(To do) Would you write out the data below exactly, with every line intact?

═══ Materials provided

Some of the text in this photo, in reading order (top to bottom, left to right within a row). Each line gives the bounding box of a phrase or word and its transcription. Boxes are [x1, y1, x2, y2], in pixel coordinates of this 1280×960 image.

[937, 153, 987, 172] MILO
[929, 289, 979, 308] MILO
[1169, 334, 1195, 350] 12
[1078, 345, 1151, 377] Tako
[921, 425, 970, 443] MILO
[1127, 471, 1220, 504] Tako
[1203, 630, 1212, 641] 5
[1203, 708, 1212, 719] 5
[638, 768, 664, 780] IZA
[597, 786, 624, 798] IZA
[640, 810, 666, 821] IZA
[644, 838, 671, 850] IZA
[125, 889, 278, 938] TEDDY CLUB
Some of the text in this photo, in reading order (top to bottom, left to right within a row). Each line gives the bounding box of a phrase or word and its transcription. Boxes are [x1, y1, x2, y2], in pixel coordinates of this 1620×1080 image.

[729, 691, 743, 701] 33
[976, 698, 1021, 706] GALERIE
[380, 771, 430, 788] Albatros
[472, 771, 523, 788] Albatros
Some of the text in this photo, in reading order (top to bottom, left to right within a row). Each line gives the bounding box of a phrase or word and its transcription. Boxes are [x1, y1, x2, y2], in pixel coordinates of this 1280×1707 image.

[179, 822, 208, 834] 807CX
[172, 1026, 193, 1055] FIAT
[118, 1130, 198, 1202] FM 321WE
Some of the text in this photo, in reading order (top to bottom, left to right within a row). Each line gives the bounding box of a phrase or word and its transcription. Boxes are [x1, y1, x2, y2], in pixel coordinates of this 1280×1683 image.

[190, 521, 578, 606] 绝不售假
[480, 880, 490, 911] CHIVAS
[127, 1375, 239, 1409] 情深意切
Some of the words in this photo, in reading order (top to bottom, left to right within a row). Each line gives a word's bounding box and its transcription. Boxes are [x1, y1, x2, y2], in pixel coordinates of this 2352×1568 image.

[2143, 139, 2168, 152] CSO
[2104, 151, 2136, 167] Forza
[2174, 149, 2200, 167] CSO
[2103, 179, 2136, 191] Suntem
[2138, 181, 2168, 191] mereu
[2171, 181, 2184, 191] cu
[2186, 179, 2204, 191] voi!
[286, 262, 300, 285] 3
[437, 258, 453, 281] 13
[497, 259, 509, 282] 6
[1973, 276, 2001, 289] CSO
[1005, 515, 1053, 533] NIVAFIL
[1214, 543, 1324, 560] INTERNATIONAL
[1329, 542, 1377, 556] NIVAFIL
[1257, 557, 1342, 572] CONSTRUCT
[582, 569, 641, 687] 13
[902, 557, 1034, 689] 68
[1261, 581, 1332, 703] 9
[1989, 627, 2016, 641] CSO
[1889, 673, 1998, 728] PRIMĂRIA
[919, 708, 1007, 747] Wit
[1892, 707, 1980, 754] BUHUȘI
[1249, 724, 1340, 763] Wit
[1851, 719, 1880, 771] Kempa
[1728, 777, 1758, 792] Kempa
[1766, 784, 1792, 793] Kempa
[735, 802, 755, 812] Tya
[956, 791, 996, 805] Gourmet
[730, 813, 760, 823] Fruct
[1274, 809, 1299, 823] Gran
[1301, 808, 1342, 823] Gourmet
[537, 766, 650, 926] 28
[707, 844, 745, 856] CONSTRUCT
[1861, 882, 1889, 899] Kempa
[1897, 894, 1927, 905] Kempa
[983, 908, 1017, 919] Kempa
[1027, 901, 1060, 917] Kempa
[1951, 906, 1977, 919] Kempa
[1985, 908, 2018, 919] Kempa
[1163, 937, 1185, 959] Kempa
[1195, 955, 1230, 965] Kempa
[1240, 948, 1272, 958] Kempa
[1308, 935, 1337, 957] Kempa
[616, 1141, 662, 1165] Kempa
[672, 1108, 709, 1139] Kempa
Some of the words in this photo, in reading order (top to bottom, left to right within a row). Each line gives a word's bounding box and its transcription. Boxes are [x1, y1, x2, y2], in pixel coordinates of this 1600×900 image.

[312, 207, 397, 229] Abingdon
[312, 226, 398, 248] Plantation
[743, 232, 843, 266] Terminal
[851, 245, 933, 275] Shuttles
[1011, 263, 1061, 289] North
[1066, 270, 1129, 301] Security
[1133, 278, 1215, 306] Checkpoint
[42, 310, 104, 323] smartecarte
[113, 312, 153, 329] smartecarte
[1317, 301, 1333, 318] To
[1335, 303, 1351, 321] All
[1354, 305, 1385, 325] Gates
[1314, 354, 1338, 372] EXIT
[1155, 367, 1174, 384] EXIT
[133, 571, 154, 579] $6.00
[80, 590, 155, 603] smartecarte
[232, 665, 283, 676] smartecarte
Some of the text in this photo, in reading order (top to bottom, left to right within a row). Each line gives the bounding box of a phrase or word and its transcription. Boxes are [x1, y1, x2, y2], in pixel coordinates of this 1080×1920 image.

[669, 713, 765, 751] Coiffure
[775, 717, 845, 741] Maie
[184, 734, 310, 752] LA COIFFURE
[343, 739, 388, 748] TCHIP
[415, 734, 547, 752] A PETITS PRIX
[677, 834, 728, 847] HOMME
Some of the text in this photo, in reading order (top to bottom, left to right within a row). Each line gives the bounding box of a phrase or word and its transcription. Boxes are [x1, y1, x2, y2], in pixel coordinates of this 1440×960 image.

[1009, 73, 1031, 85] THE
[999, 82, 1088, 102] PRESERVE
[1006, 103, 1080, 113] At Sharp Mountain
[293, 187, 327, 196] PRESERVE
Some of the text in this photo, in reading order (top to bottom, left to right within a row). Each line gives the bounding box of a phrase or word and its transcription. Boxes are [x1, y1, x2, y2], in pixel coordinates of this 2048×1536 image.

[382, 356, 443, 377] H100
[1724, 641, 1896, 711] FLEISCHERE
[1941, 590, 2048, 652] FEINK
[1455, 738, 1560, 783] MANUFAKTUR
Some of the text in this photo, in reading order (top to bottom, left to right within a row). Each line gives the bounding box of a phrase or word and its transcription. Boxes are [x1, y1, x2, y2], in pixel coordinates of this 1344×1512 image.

══════

(Solved exercise)
Some of the text in this photo, in reading order (top to bottom, left to right within a row). Each line gives the bounding box of a phrase or word and its transcription. Boxes are [x1, y1, x2, y2], in pixel coordinates of this 1280×960 image.

[937, 153, 987, 172] MILO
[929, 289, 979, 308] MILO
[1169, 334, 1195, 350] 12
[1078, 345, 1151, 377] Tako
[921, 425, 970, 443] MILO
[1127, 471, 1220, 504] Tako
[1203, 630, 1212, 641] 5
[1203, 708, 1212, 719] 5
[638, 768, 664, 780] IZA
[597, 786, 624, 798] IZA
[640, 810, 666, 821] IZA
[644, 838, 671, 850] IZA
[125, 889, 278, 938] TEDDY CLUB
Some of the text in this photo, in reading order (top to bottom, left to right within a row). Each line gives the bounding box of a phrase or word and its transcription. Boxes are [x1, y1, x2, y2], in pixel coordinates of this 1620×1080 image.

[729, 691, 743, 701] 33
[976, 698, 1021, 706] GALERIE
[380, 771, 430, 788] Albatros
[472, 771, 523, 788] Albatros
Some of the text in this photo, in reading order (top to bottom, left to right within a row). Each line gives the bounding box of a phrase or word and its transcription. Boxes are [x1, y1, x2, y2], in pixel coordinates of this 1280×1707 image.

[179, 822, 208, 834] 807CX
[172, 1026, 193, 1055] FIAT
[118, 1130, 198, 1202] FM 321WE
Some of the text in this photo, in reading order (top to bottom, left to right within a row). Each line gives the bounding box of a phrase or word and its transcription. Boxes are [x1, y1, x2, y2], in pixel coordinates of this 1280×1683 image.

[190, 521, 578, 606] 绝不售假
[480, 880, 490, 911] CHIVAS
[127, 1375, 239, 1409] 情深意切
Some of the words in this photo, in reading order (top to bottom, left to right within a row). Each line gives a word's bounding box and its transcription. Boxes are [x1, y1, x2, y2], in pixel coordinates of this 2352×1568 image.

[2143, 139, 2168, 152] CSO
[2104, 151, 2136, 167] Forza
[2174, 149, 2200, 167] CSO
[2103, 179, 2136, 191] Suntem
[2138, 181, 2168, 191] mereu
[2171, 181, 2184, 191] cu
[2186, 179, 2204, 191] voi!
[286, 262, 300, 285] 3
[437, 258, 453, 281] 13
[497, 259, 509, 282] 6
[1973, 276, 2001, 289] CSO
[1005, 515, 1053, 533] NIVAFIL
[1214, 543, 1324, 560] INTERNATIONAL
[1329, 542, 1377, 556] NIVAFIL
[1257, 557, 1342, 572] CONSTRUCT
[582, 569, 641, 687] 13
[902, 557, 1034, 689] 68
[1261, 581, 1332, 703] 9
[1989, 627, 2016, 641] CSO
[1889, 673, 1998, 728] PRIMĂRIA
[919, 708, 1007, 747] Wit
[1892, 707, 1980, 754] BUHUȘI
[1249, 724, 1340, 763] Wit
[1851, 719, 1880, 771] Kempa
[1728, 777, 1758, 792] Kempa
[1766, 784, 1792, 793] Kempa
[735, 802, 755, 812] Tya
[956, 791, 996, 805] Gourmet
[730, 813, 760, 823] Fruct
[1274, 809, 1299, 823] Gran
[1301, 808, 1342, 823] Gourmet
[537, 766, 650, 926] 28
[707, 844, 745, 856] CONSTRUCT
[1861, 882, 1889, 899] Kempa
[1897, 894, 1927, 905] Kempa
[983, 908, 1017, 919] Kempa
[1027, 901, 1060, 917] Kempa
[1951, 906, 1977, 919] Kempa
[1985, 908, 2018, 919] Kempa
[1163, 937, 1185, 959] Kempa
[1195, 955, 1230, 965] Kempa
[1240, 948, 1272, 958] Kempa
[1308, 935, 1337, 957] Kempa
[616, 1141, 662, 1165] Kempa
[672, 1108, 709, 1139] Kempa
Some of the words in this photo, in reading order (top to bottom, left to right within a row). Each line gives a word's bounding box and its transcription. Boxes are [x1, y1, x2, y2], in pixel coordinates of this 1600×900 image.

[312, 207, 397, 229] Abingdon
[312, 226, 398, 248] Plantation
[743, 232, 843, 266] Terminal
[851, 245, 933, 275] Shuttles
[1011, 263, 1061, 289] North
[1066, 270, 1129, 301] Security
[1133, 278, 1215, 306] Checkpoint
[42, 310, 104, 323] smartecarte
[113, 312, 153, 329] smartecarte
[1317, 301, 1333, 318] To
[1335, 303, 1351, 321] All
[1354, 305, 1385, 325] Gates
[1314, 354, 1338, 372] EXIT
[1155, 367, 1174, 384] EXIT
[133, 571, 154, 579] $6.00
[80, 590, 155, 603] smartecarte
[232, 665, 283, 676] smartecarte
Some of the text in this photo, in reading order (top to bottom, left to right within a row). Each line gives the bounding box of a phrase or word and its transcription. Boxes are [x1, y1, x2, y2], in pixel coordinates of this 1080×1920 image.

[669, 713, 765, 751] Coiffure
[775, 717, 845, 741] Maie
[184, 734, 310, 752] LA COIFFURE
[343, 739, 388, 748] TCHIP
[415, 734, 547, 752] A PETITS PRIX
[677, 834, 728, 847] HOMME
Some of the text in this photo, in reading order (top to bottom, left to right within a row). Each line gives the bounding box of a phrase or word and its transcription. Boxes are [x1, y1, x2, y2], in pixel coordinates of this 1440×960 image.

[1009, 73, 1031, 85] THE
[999, 82, 1088, 102] PRESERVE
[1006, 103, 1080, 113] At Sharp Mountain
[293, 187, 327, 196] PRESERVE
Some of the text in this photo, in reading order (top to bottom, left to right within a row). Each line gives the bounding box of a phrase or word and its transcription. Boxes are [x1, y1, x2, y2], in pixel coordinates of this 2048×1536 image.

[382, 356, 443, 377] H100
[1724, 641, 1896, 711] FLEISCHERE
[1941, 590, 2048, 652] FEINK
[1455, 738, 1560, 783] MANUFAKTUR
Some of the text in this photo, in reading order (top to bottom, left to right within a row). Each line gives the bounding box of a phrase or word and its transcription. Boxes are [x1, y1, x2, y2], in pixel coordinates of this 1344×1512 image.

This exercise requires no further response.